#### PROBLEM:
The entries below should be repeated exactly, with no pictures carried over.

----- INPUT RECORDS

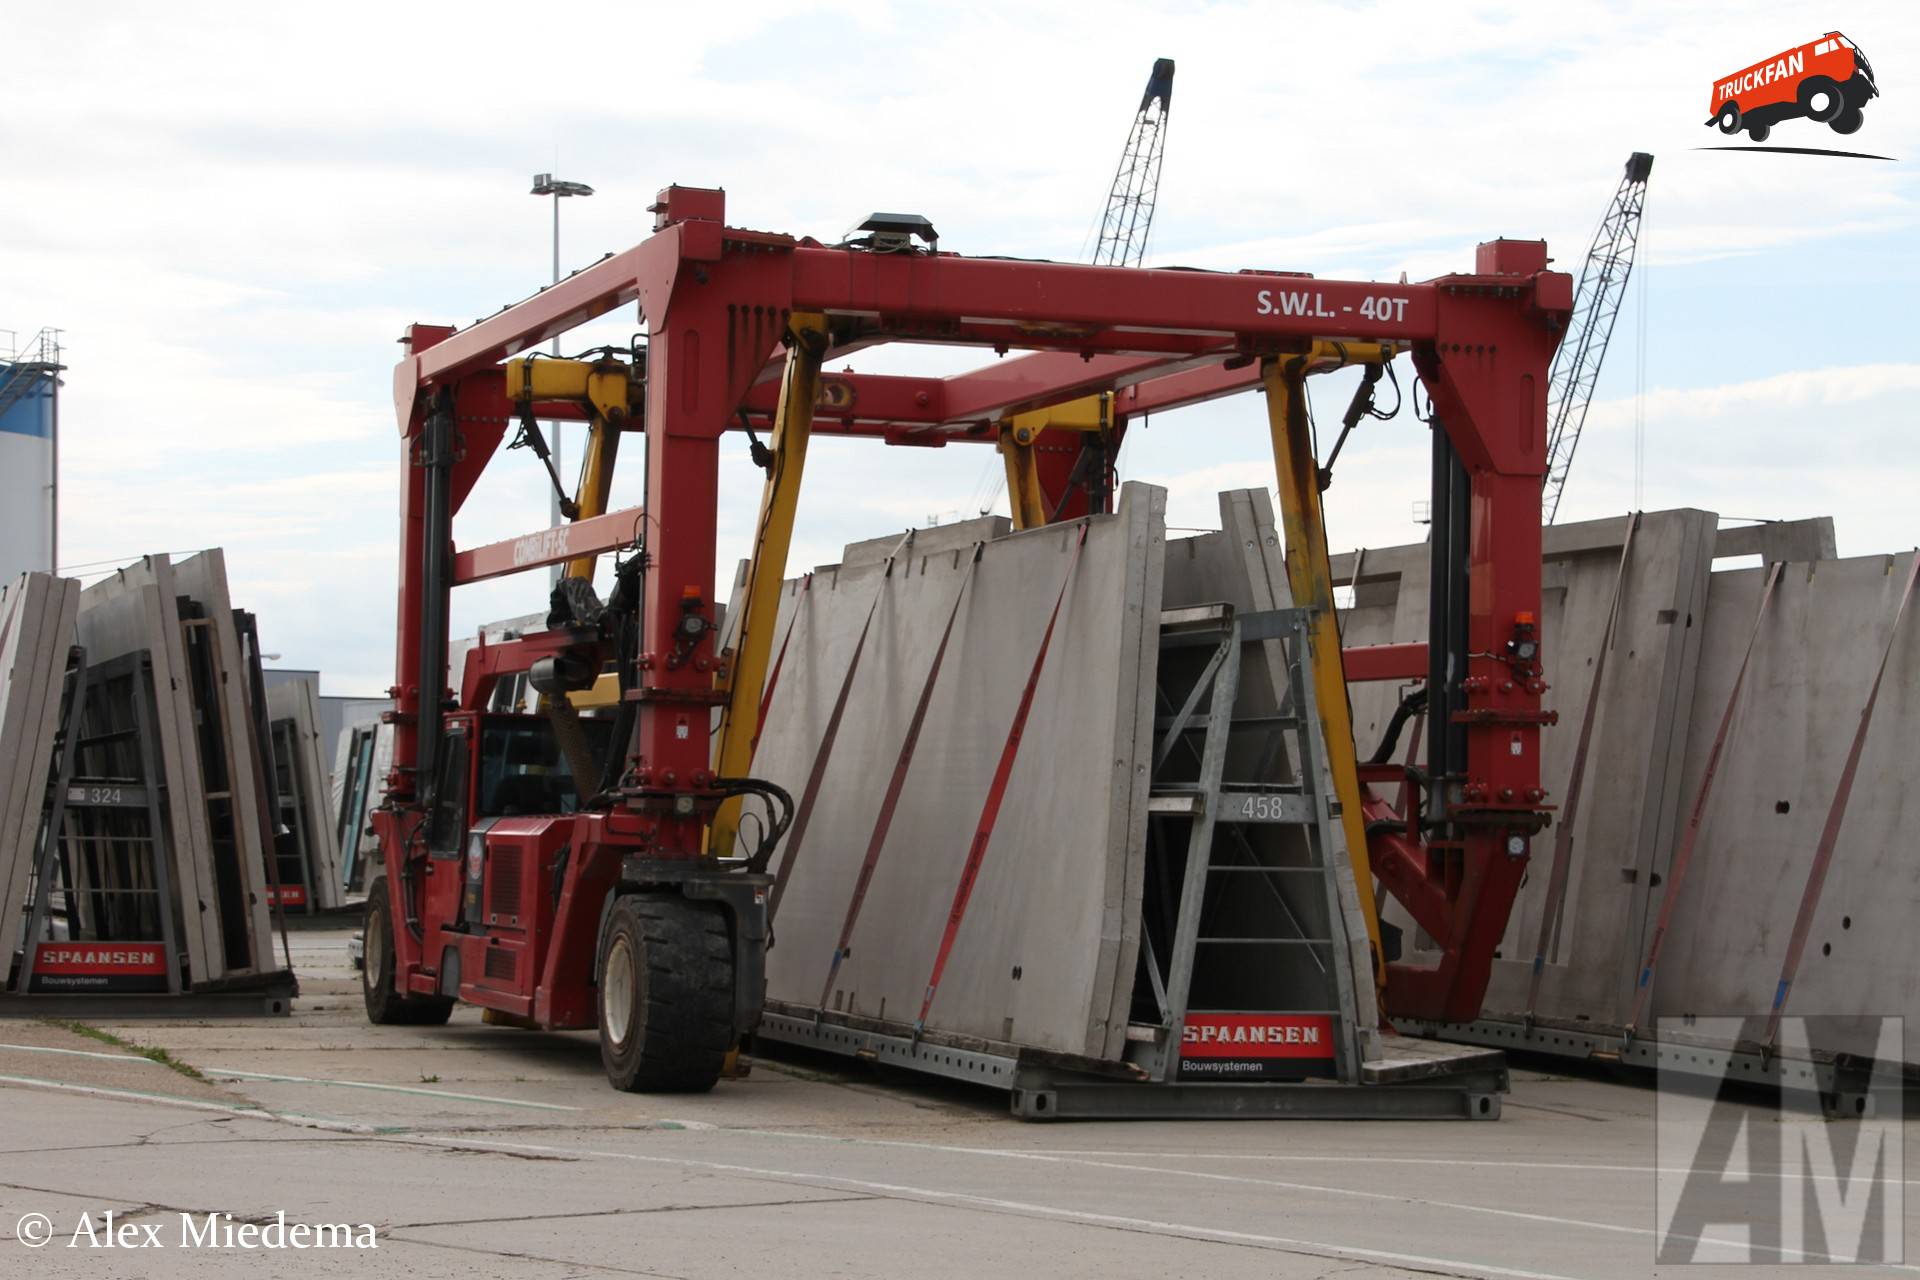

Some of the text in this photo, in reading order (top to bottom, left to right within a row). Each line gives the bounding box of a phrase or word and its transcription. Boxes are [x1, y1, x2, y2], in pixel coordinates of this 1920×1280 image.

[1257, 290, 1335, 318] S.W.L.
[1360, 296, 1409, 322] 40T
[91, 787, 121, 804] 324
[1242, 797, 1282, 819] 458
[43, 951, 155, 965] SPAANSEN
[42, 976, 108, 986] Bouwsystemen
[1183, 1025, 1319, 1045] SPAANSEN
[1182, 1060, 1263, 1073] Bouwsystemen

----------

#### RESPONSE TO THIS TASK:
Some of the text in this photo, in reading order (top to bottom, left to right within a row). Each line gives the bounding box of a phrase or word and its transcription. Boxes are [x1, y1, x2, y2], in pixel coordinates of this 1920×1280 image.

[1257, 290, 1335, 318] S.W.L.
[1360, 296, 1409, 322] 40T
[91, 787, 121, 804] 324
[1242, 797, 1282, 819] 458
[43, 951, 155, 965] SPAANSEN
[42, 976, 108, 986] Bouwsystemen
[1183, 1025, 1319, 1045] SPAANSEN
[1182, 1060, 1263, 1073] Bouwsystemen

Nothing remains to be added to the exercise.